Meus funcionários passaram a usar a música como um estímulo para atender melhor seus clientes.
Outro executivo interrompeu, dizendo que isso era uma idéia antiga: os supermercados faziam a mesma coisa, usando melodias que induziam o cliente a comprar.
— Eu não estou dizendo que colocamos música no ambiente de trabalho. As pessoas passaram a viver de maneira diferente, porque Sherine, ou Athena se preferirem, ensinou-os a dançar antes de enfrentarem sua labuta diária. Não sei exatamente que mecanismo isso pode despertar nas pessoas; como gerente, sou apenas responsável pelos resultados, e não pelo processo. Não dancei. Mas entendi que, através daquele tipo de dança, todos se sentiam mais conectados com o que faziam.
“Nascemos, crescemos, e fomos educados com a máxima: tempo é dinheiro. Sabemos exatamente o que é dinheiro, mas qual o significado da palavra tempo? O dia compreende 24 horas e uma infinidade de momentos. Precisamos ter consciência de cada minuto, saber aproveitá-lo naquilo que estamos fazendo ou apenas na contemplação da vida. Se desaceleramos, tudo dura muito mais.
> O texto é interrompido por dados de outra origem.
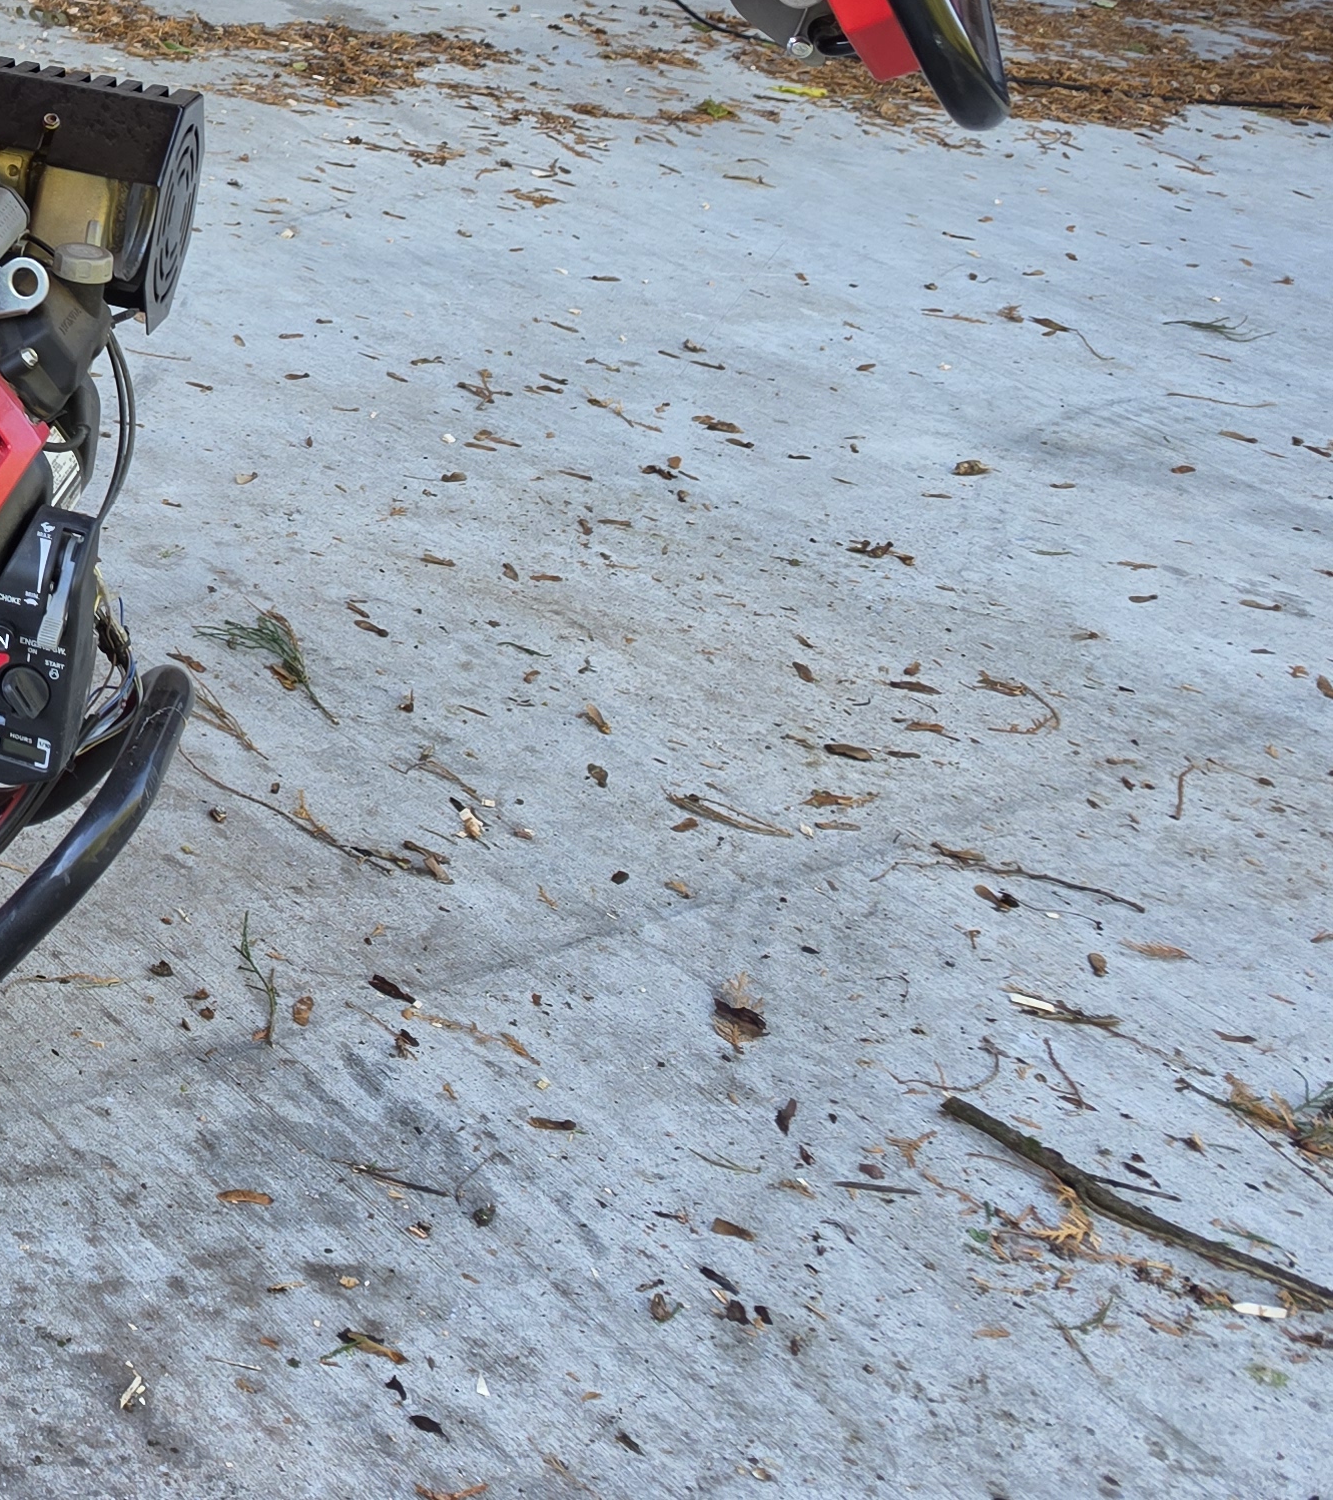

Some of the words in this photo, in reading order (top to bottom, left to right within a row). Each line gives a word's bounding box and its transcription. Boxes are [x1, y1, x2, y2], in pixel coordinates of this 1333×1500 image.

Claro, pode durar mais a lavagem de pratos, ou a soma de saldos, ou a compilação de créditos, ou a contagem de notas promissórias, mas por que não usar isso para pensar em coisas agradáveis, alegrar-se com o fato de estar vivo?”
O principal executivo do banco me olhava com surpresa.
Tenho certeza que ele desejava que eu continuasse a explicar detalhadamente tudo o que aprendera, mas alguns dos presentes começavam a sentir-se inquietos.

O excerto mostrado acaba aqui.